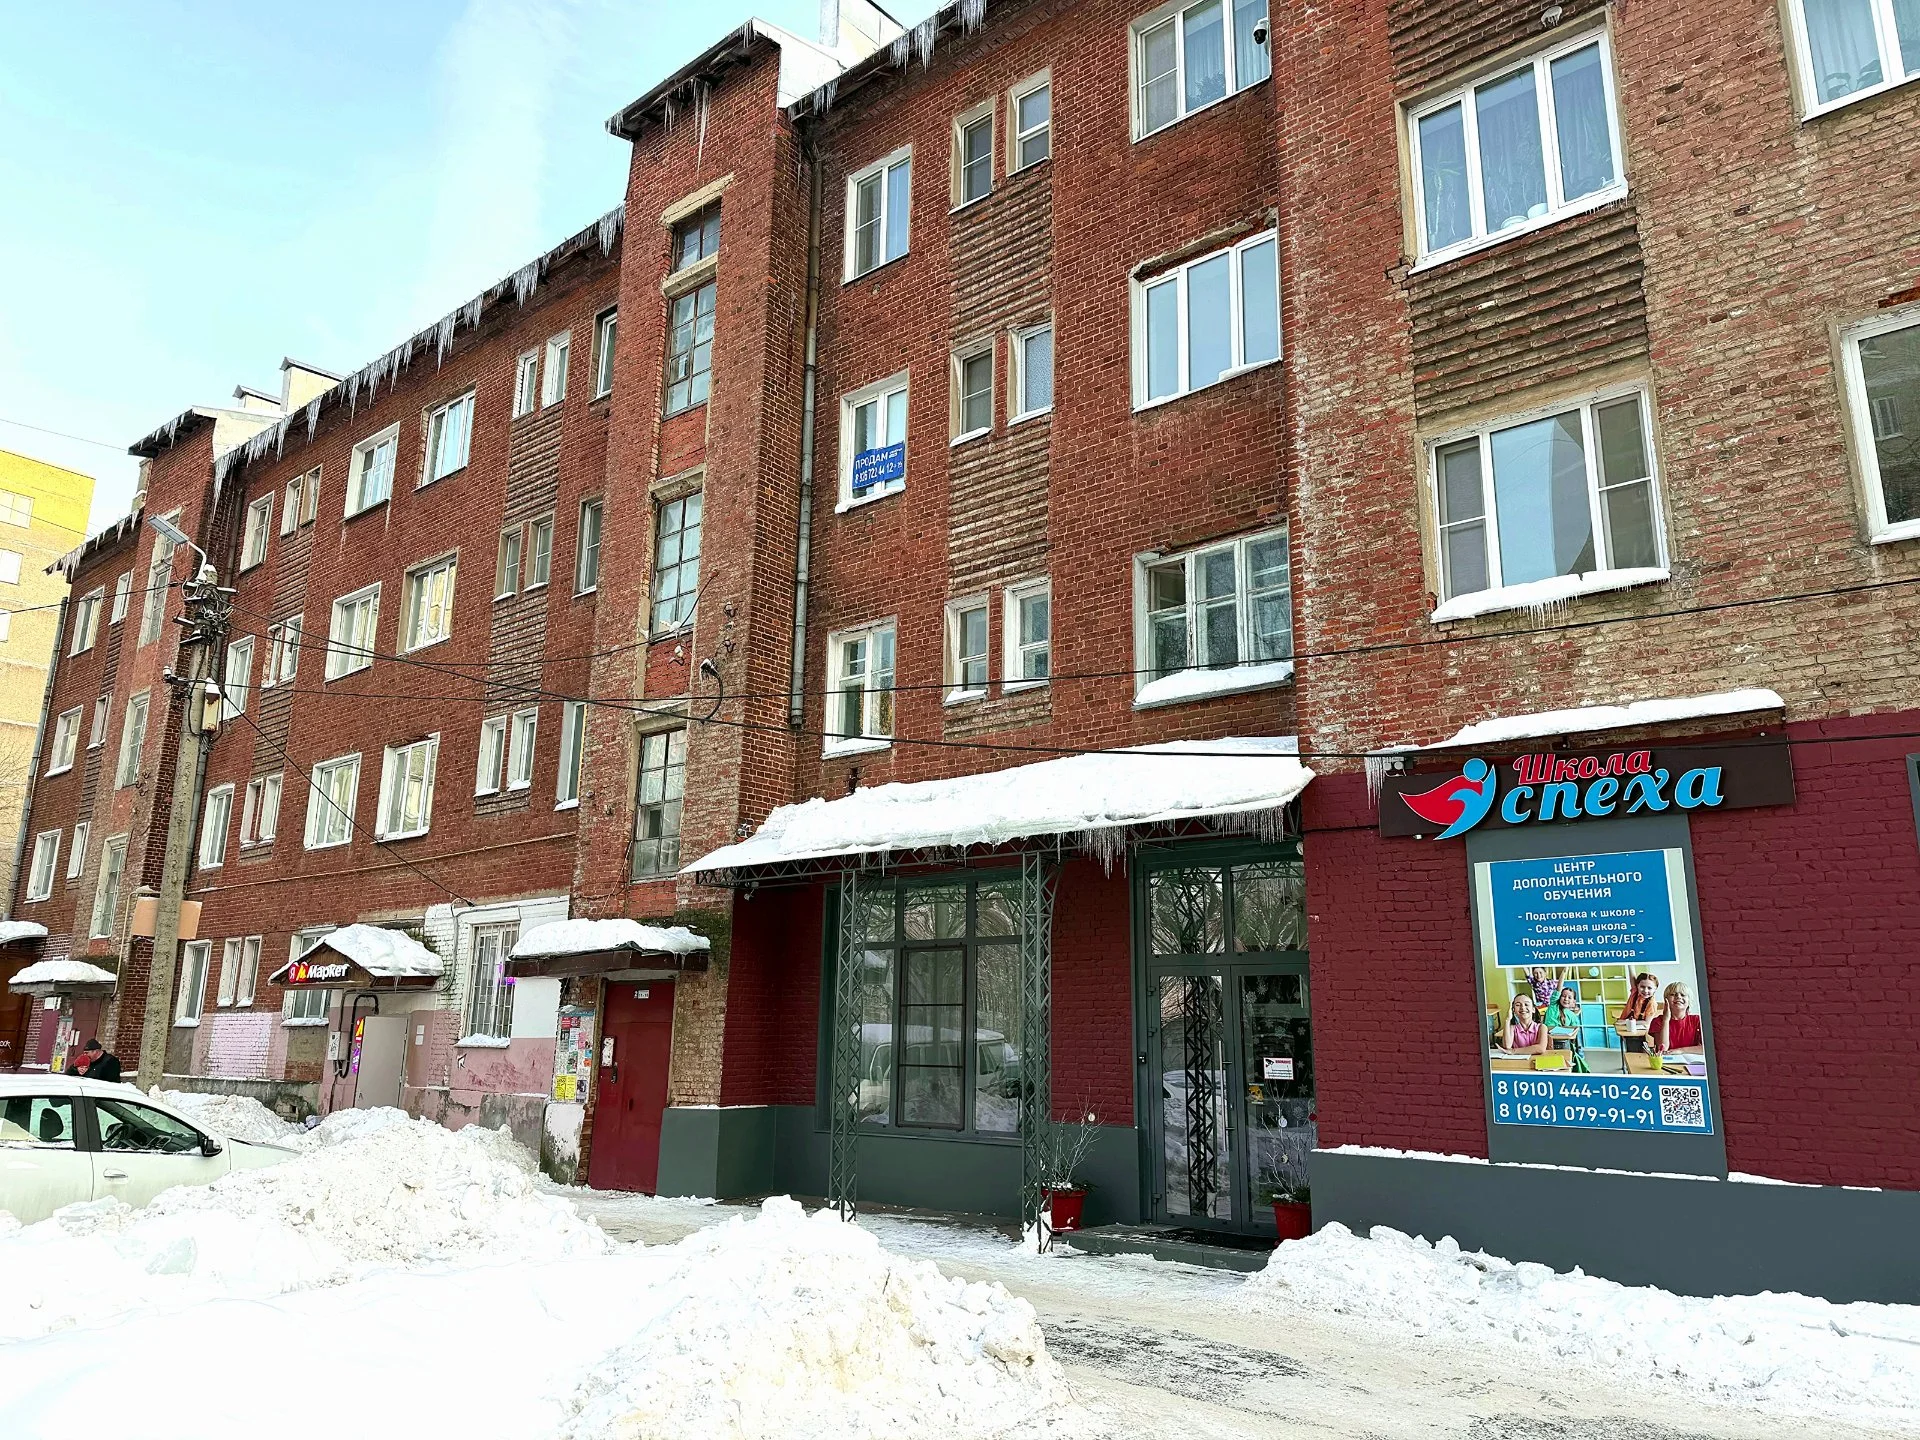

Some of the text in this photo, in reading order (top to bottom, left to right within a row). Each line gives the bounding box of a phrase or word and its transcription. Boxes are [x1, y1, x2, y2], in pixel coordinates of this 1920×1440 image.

[856, 452, 888, 470] ПРОДАМ
[1513, 750, 1653, 786] Школа
[1555, 861, 1595, 874] ЦЕНТР
[1513, 871, 1641, 890] ДОПОЛНИТЕЛЬНОГО
[1544, 888, 1611, 900] ОБУЧЕНИЯ
[1526, 912, 1587, 921] Подготовка
[1601, 909, 1635, 917] школе
[1536, 924, 1588, 932] Семейная
[1523, 938, 1584, 947] Подготовка
[1597, 934, 1644, 944] ОГЭ/ЕГЭ
[1533, 951, 1568, 960] Услуги
[1572, 950, 1635, 959] репетитора
[307, 964, 348, 980] Маркет
[1498, 1080, 1652, 1100] 8 (910) 444-10-26
[1500, 1103, 1654, 1125] 8 (916) 079-91-91
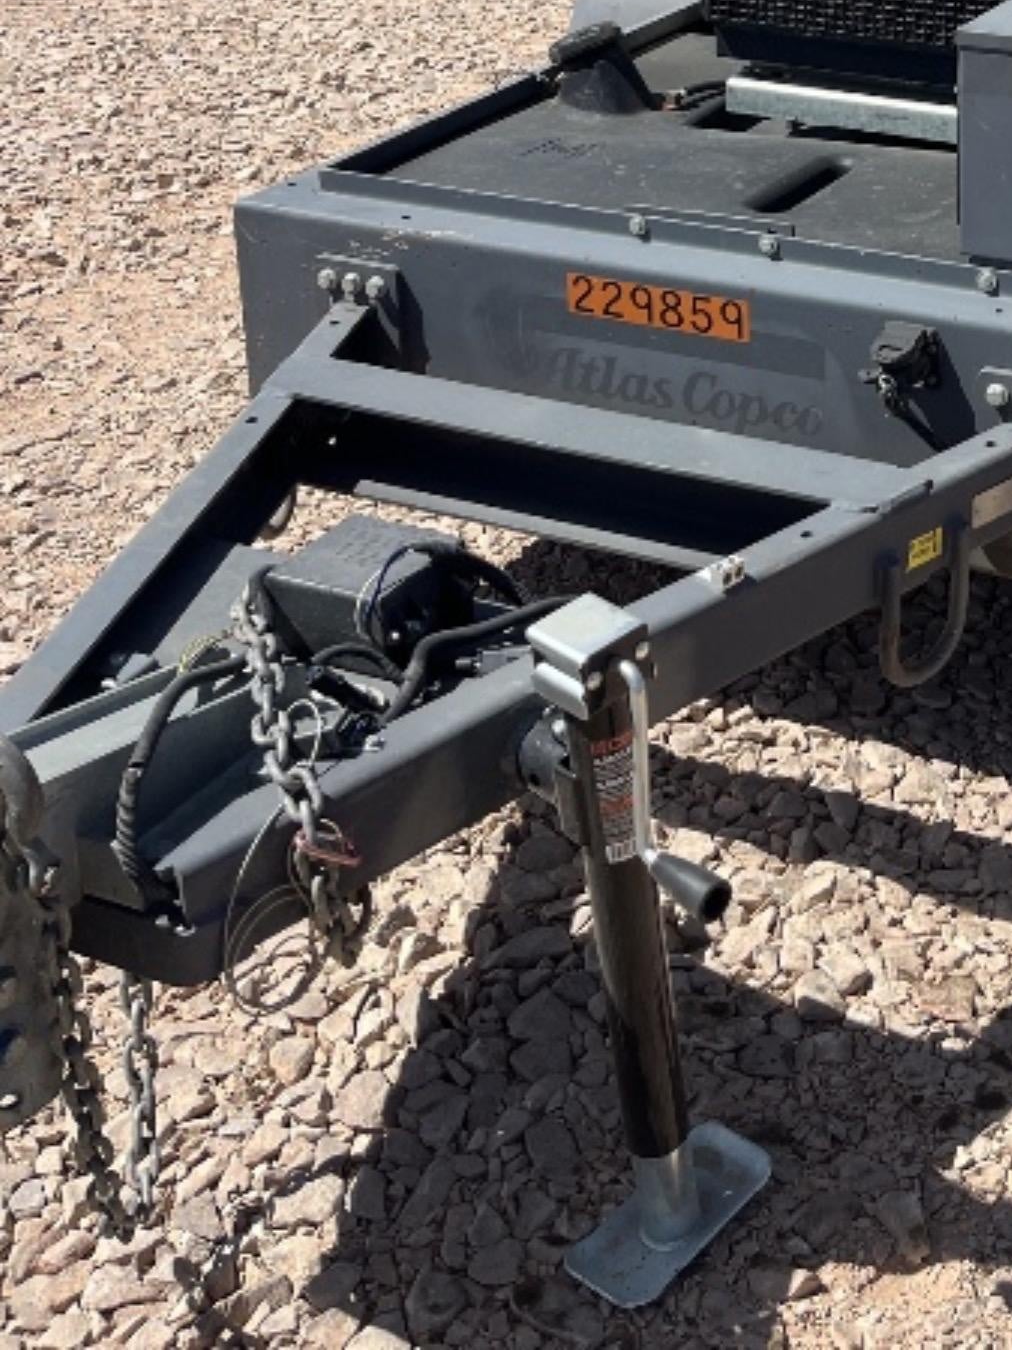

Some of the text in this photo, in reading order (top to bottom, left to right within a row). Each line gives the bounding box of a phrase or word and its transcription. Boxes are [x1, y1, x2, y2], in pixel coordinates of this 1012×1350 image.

[571, 275, 743, 339] 229859
[547, 347, 822, 436] Atlas Copco
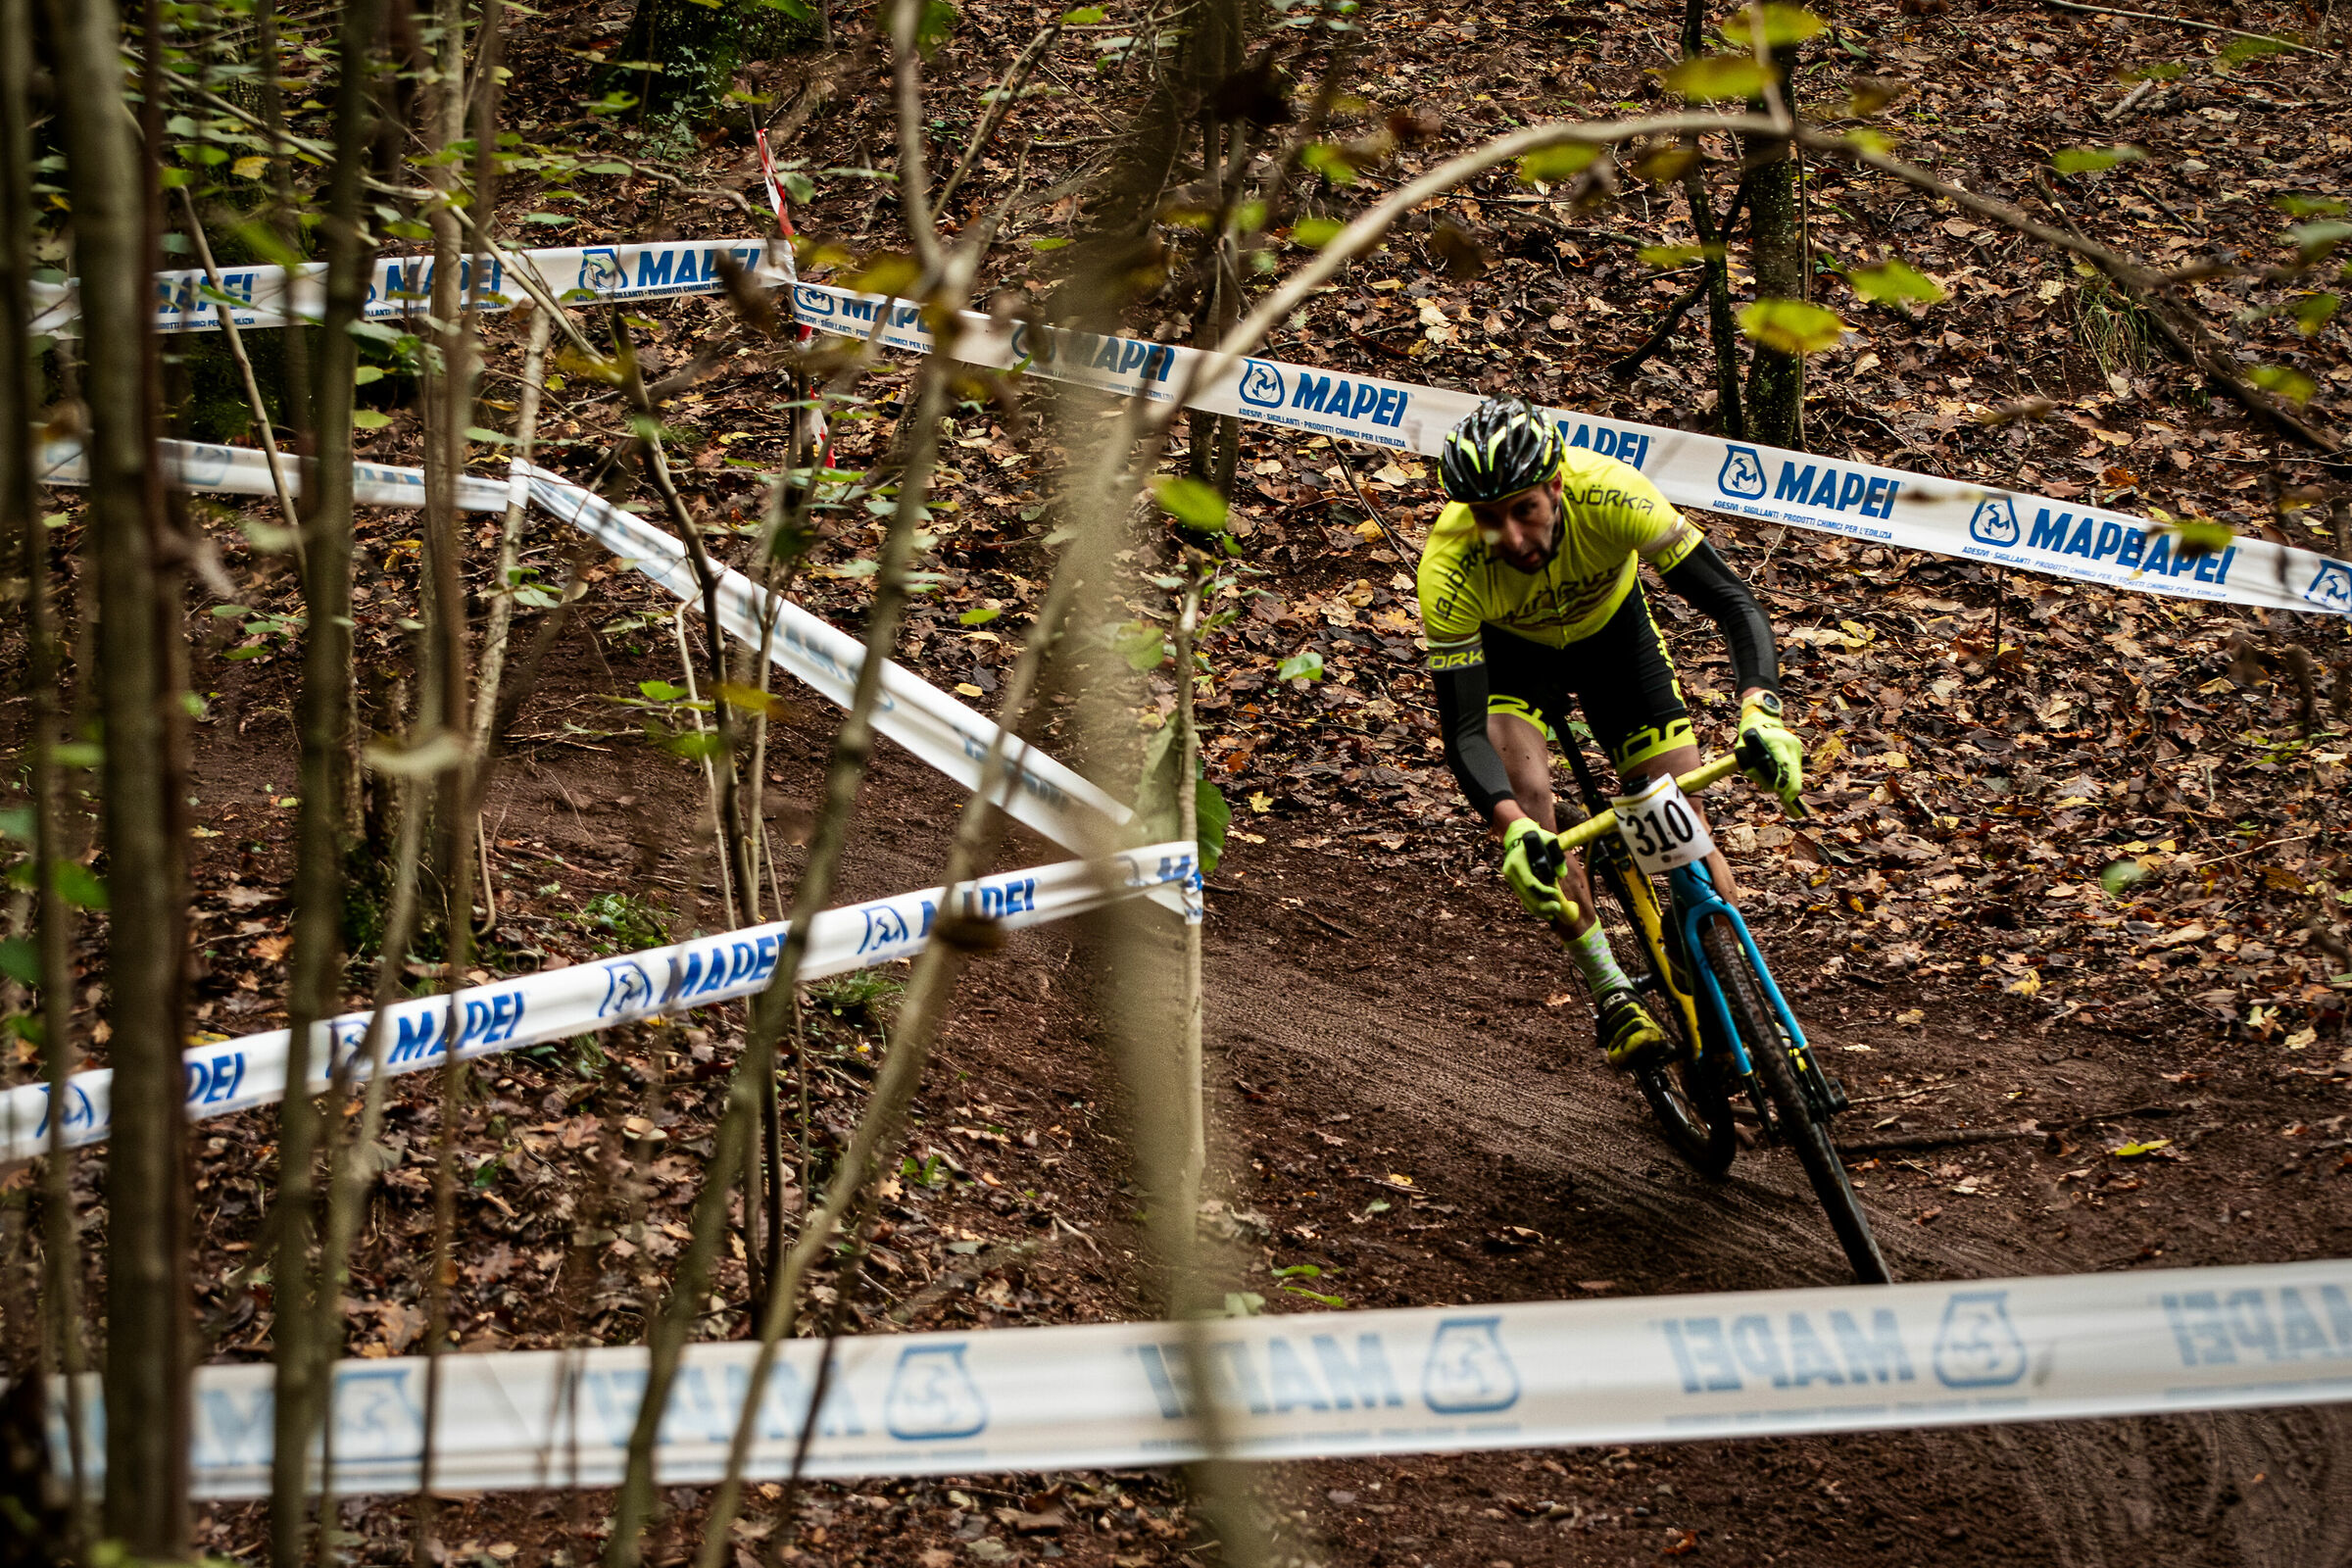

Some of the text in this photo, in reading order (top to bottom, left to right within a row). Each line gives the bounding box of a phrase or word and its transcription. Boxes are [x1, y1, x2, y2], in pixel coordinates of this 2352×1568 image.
---
EXERCISE DETAILS ->
Output each record verbatim, but skip anything that is a picture.

OUTPUT FOR THIS TASK ->
Some of the text in this photo, in reading order (top to bottom, left to right within a row). Each line gives the bounding box of a phrase or word and its transcription. Boxes are [x1, y1, x2, y2], in pixel coordinates of this 1920×1440 image.

[856, 452, 888, 470] ПРОДАМ
[1513, 750, 1653, 786] Школа
[1555, 861, 1595, 874] ЦЕНТР
[1513, 871, 1641, 890] ДОПОЛНИТЕЛЬНОГО
[1544, 888, 1611, 900] ОБУЧЕНИЯ
[1526, 912, 1587, 921] Подготовка
[1601, 909, 1635, 917] школе
[1536, 924, 1588, 932] Семейная
[1523, 938, 1584, 947] Подготовка
[1597, 934, 1644, 944] ОГЭ/ЕГЭ
[1533, 951, 1568, 960] Услуги
[1572, 950, 1635, 959] репетитора
[307, 964, 348, 980] Маркет
[1498, 1080, 1652, 1100] 8 (910) 444-10-26
[1500, 1103, 1654, 1125] 8 (916) 079-91-91

Some of the text in this photo, in reading order (top to bottom, left to right within a row). Each line gives the bounding box of a phrase or word and its transcription. Boxes are [x1, y1, x2, y2], in pixel coordinates of this 1012×1350 image.

[571, 275, 743, 339] 229859
[547, 347, 822, 436] Atlas Copco

Some of the text in this photo, in reading order (top to bottom, left to right within a row). Each line gives the bounding box of a phrase or word and its transcription. Boxes are [x1, y1, x2, y2], in pixel coordinates of this 2352×1568 image.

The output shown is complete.